West Pharmaceutical Services – Global Leader in Injectable Solutions

Business Overview

West Pharmaceutical Services is the global market leader in packaging and delivery components for injectable drugs and healthcare products. The company maintains a market share of approximately 70% of the injectable primary packaging industry. In 2021 they produced almost 45 billion components, which were used for vial containment, syringes, drug delivery and diagnostics. The company primarily serves the pharmaceutical, medical device, and life sciences industries.

West product offerings
Company Products via William Blair Growth Stock Conference Presentation June 2022

West divides its business operations into two segments, Proprietary Products and Contract Manufacturing. The Proprietary Products segment accounts for about 80% of sales, and consists of their high-value and standard packaging, components and delivery systems. Contract Manufacturing, where they produce components for other companies, makes up the remaining 20%.
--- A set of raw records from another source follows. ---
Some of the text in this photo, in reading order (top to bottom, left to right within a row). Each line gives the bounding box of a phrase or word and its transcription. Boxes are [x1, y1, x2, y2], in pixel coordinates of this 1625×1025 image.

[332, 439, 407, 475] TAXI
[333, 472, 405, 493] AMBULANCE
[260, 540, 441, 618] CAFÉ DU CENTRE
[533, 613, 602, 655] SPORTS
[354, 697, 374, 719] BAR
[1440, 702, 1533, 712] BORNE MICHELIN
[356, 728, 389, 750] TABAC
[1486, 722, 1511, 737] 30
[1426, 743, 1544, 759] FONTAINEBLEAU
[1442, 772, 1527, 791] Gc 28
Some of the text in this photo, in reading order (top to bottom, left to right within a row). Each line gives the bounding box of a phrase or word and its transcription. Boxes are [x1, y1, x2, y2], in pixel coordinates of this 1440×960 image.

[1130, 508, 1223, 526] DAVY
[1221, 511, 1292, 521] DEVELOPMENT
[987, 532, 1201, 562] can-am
The global injectable packaging market is an oligopoly, with only 3 primary competitors. West Pharmaceutical, Datwyler, and Aptar group. This is due to a variety of factors including governmental regulations and company reputation. Companies that produce vaccines, pharmaceuticals or medical devices need to ensure that their treatments can be delivered safely and reliably to patients, which means they opt for companies known for quality control and consistency like West.
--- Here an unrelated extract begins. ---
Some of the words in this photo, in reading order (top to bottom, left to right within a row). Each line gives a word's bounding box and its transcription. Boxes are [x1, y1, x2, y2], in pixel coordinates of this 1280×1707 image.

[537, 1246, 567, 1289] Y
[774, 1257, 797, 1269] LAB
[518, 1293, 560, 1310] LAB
Reliability, Reputation, Regulation

During a time of global turmoil, West has one big advantage over many other companies, both in healthcare and other industries. They have a global manufacturing presence and stable supply chains with 25 manufacturing sites spanning the US, Europe, and Asia. While many businesses have struggled the past couple years, West has done an exceptional job navigating a challenging environment in order to capitalize on Covid-19 vaccine delivery and distribution. Struggles to provide the necessary components to vaccine manufacturers and distributors could have led to them losing market share to their peers.
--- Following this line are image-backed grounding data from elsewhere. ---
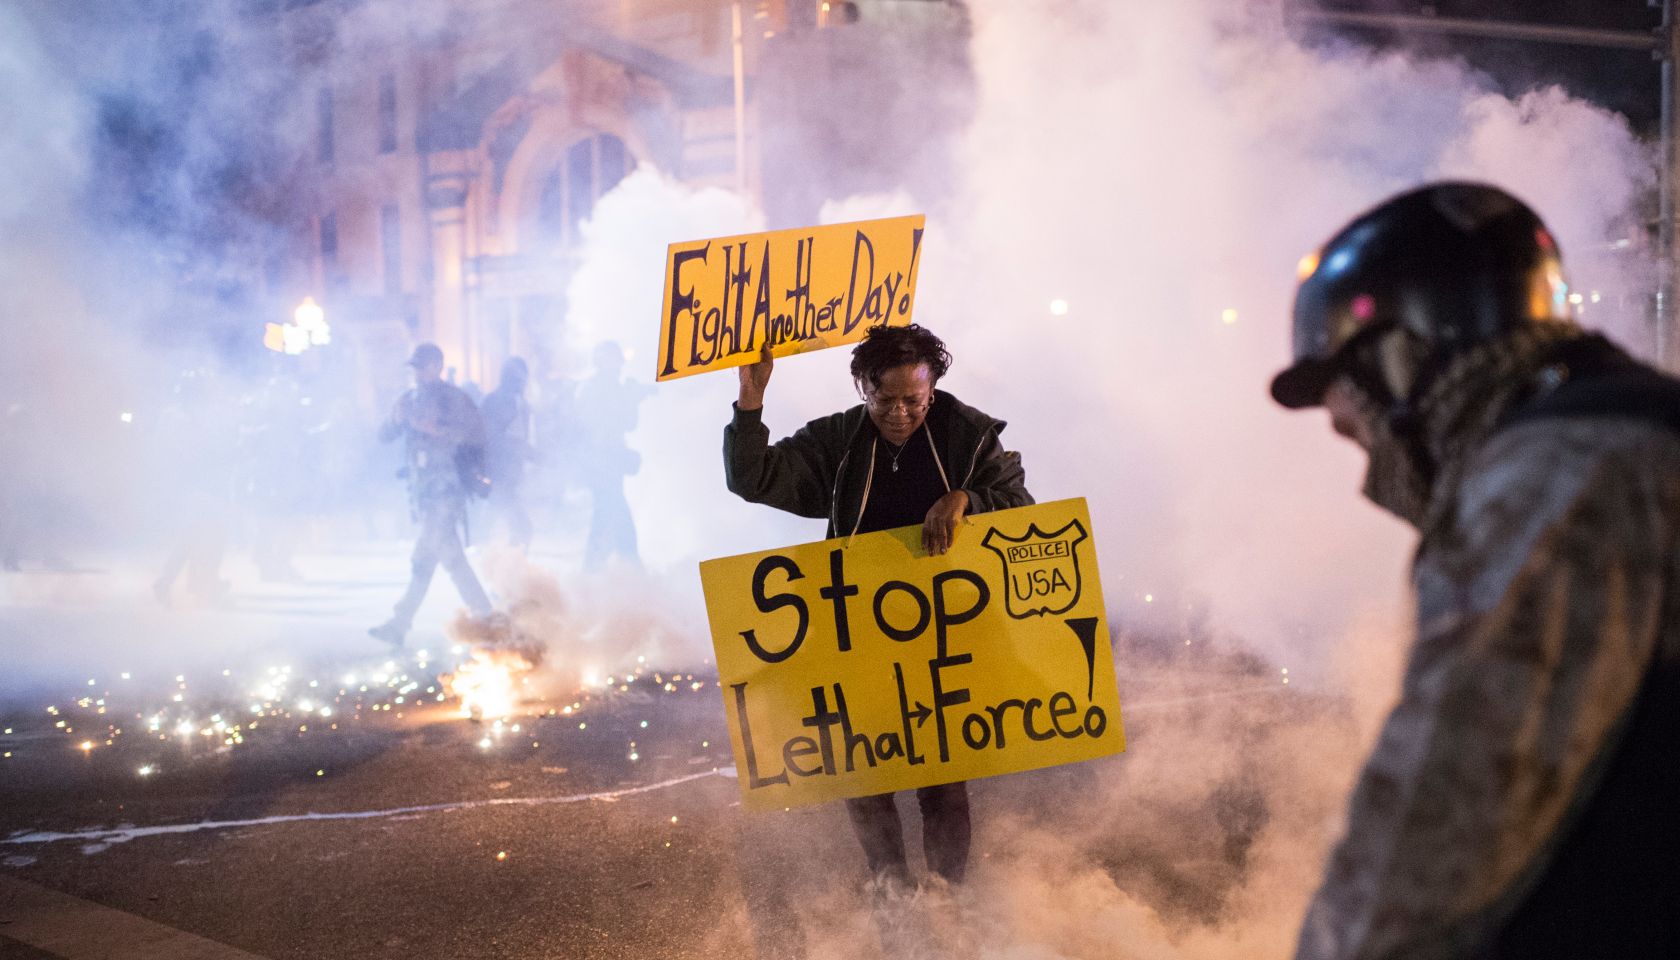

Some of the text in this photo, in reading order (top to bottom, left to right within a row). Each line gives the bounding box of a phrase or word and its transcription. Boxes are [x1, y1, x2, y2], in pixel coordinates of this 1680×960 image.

[660, 228, 924, 377] Fight Another Day!
[1011, 542, 1065, 561] POLICE
[1012, 567, 1072, 601] USA
[730, 616, 1107, 790] Lethal Force!
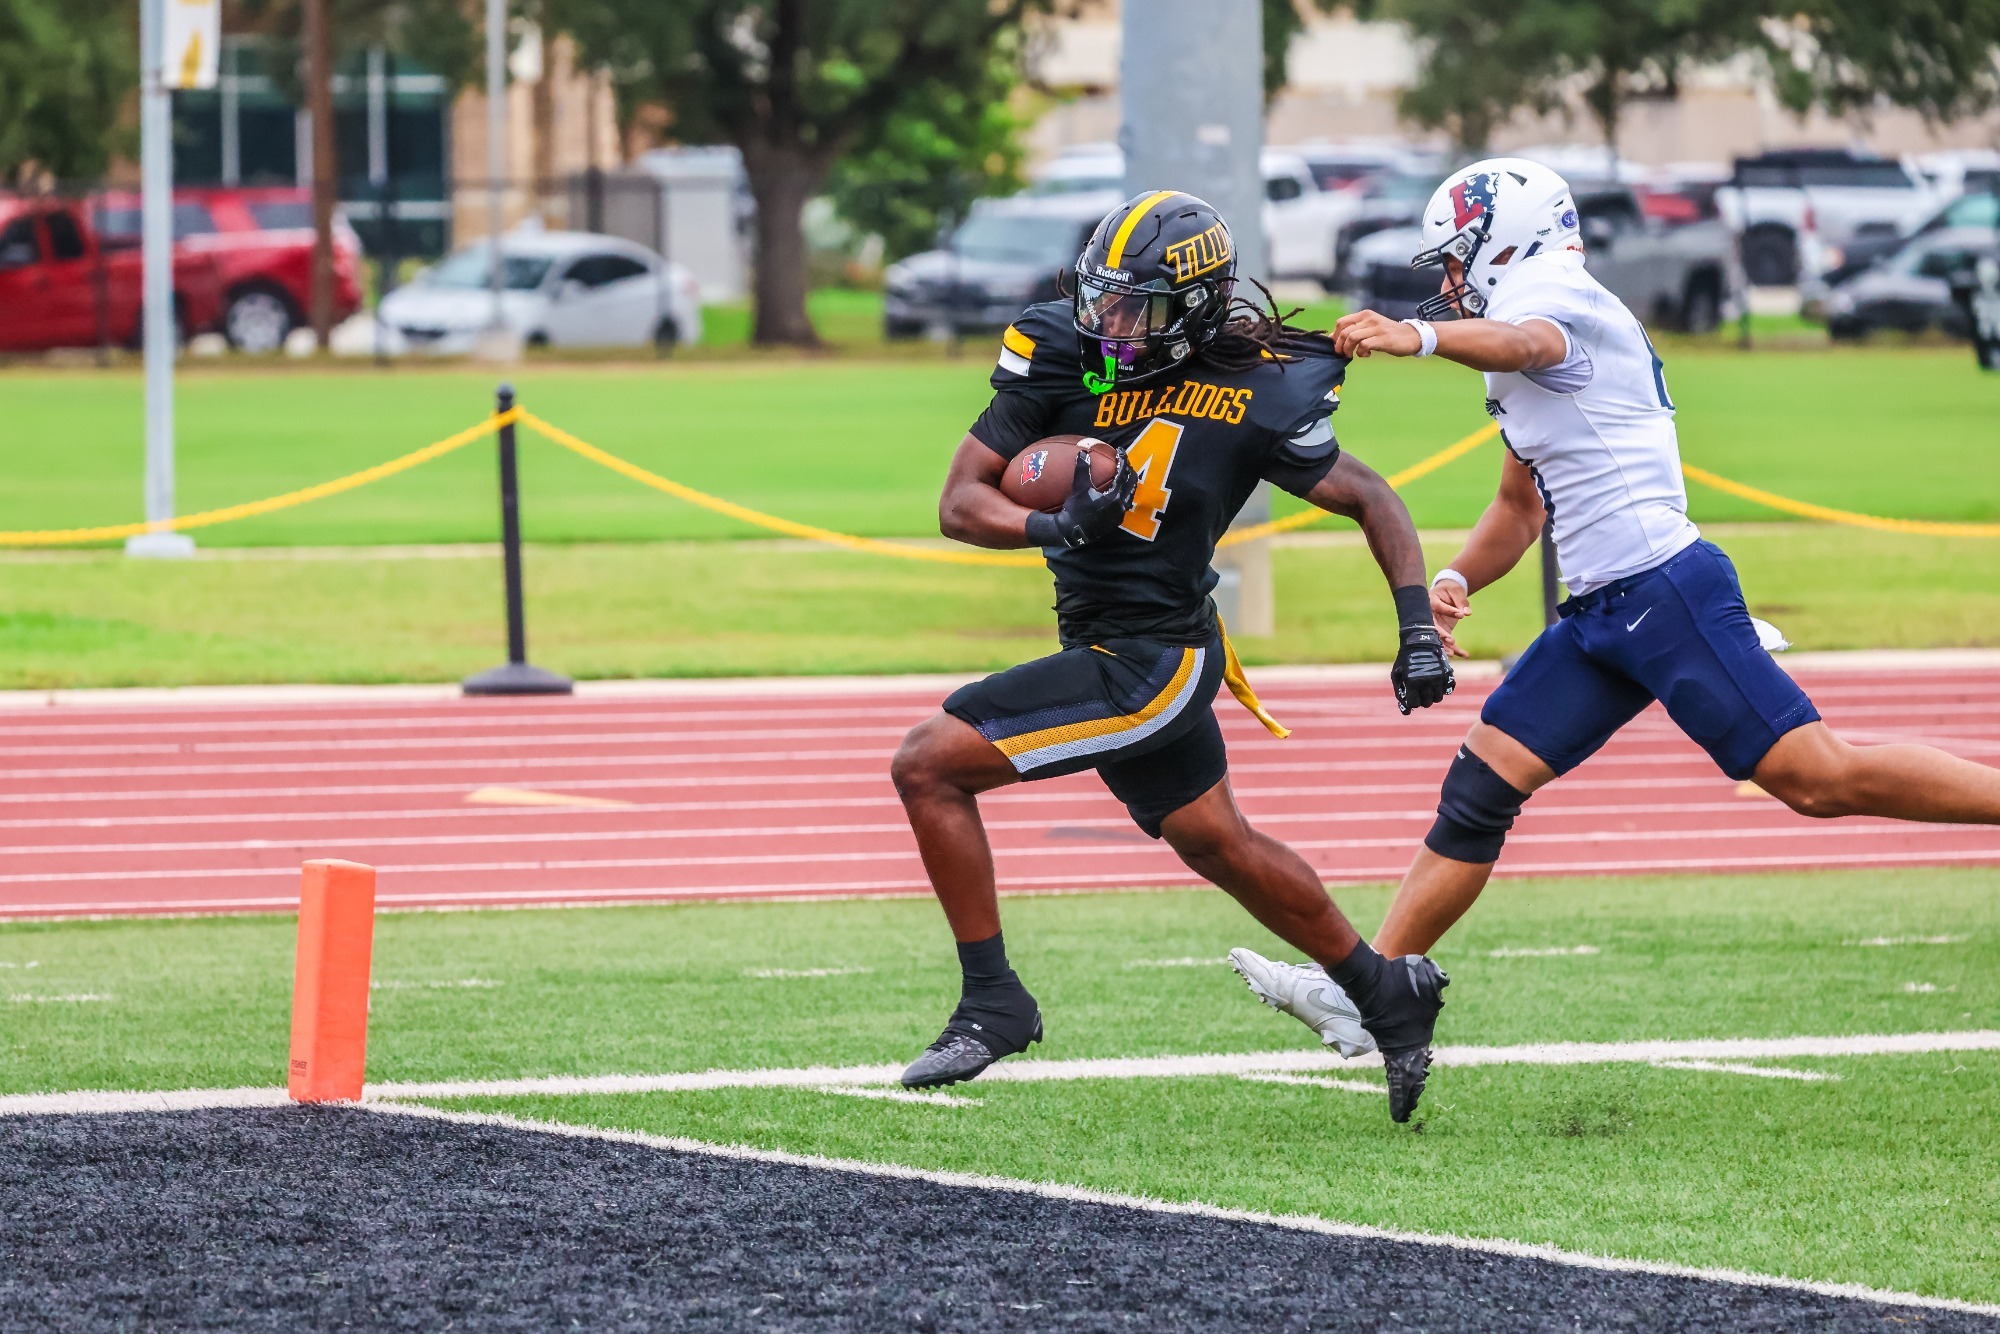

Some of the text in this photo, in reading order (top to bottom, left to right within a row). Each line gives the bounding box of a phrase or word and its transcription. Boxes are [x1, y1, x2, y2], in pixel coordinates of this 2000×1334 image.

[1096, 266, 1130, 282] Riddell
[1166, 222, 1231, 283] TLU
[1093, 380, 1253, 427] BULLDOGS
[1118, 417, 1185, 542] 4
Another advantage West possess over potential challengers to its market share are regulatory requirements and its reputation within the industry. Companies bringing a vaccine, drug, or similar product to market can’t just use any delivery system they want. Instead, it must be something approved by healthcare regulators to meet safety and performance requirements. West is one of the few companies with the necessary approvals in these areas. West also has a long-term reputation for quality and reliability. This has led to them establishing partnerships with their customers, entrenching West and its products into the industry.

West is also willing to partner with other companies to advance its own product suite and premium offerings to customers. The company recently announced a collaboration with Corning, the materials science company known for products such as Gorilla Glass. The collaboration will involve expanding Corning’s Valor Glass technology in order for it to be used for advanced injectable drug packaging.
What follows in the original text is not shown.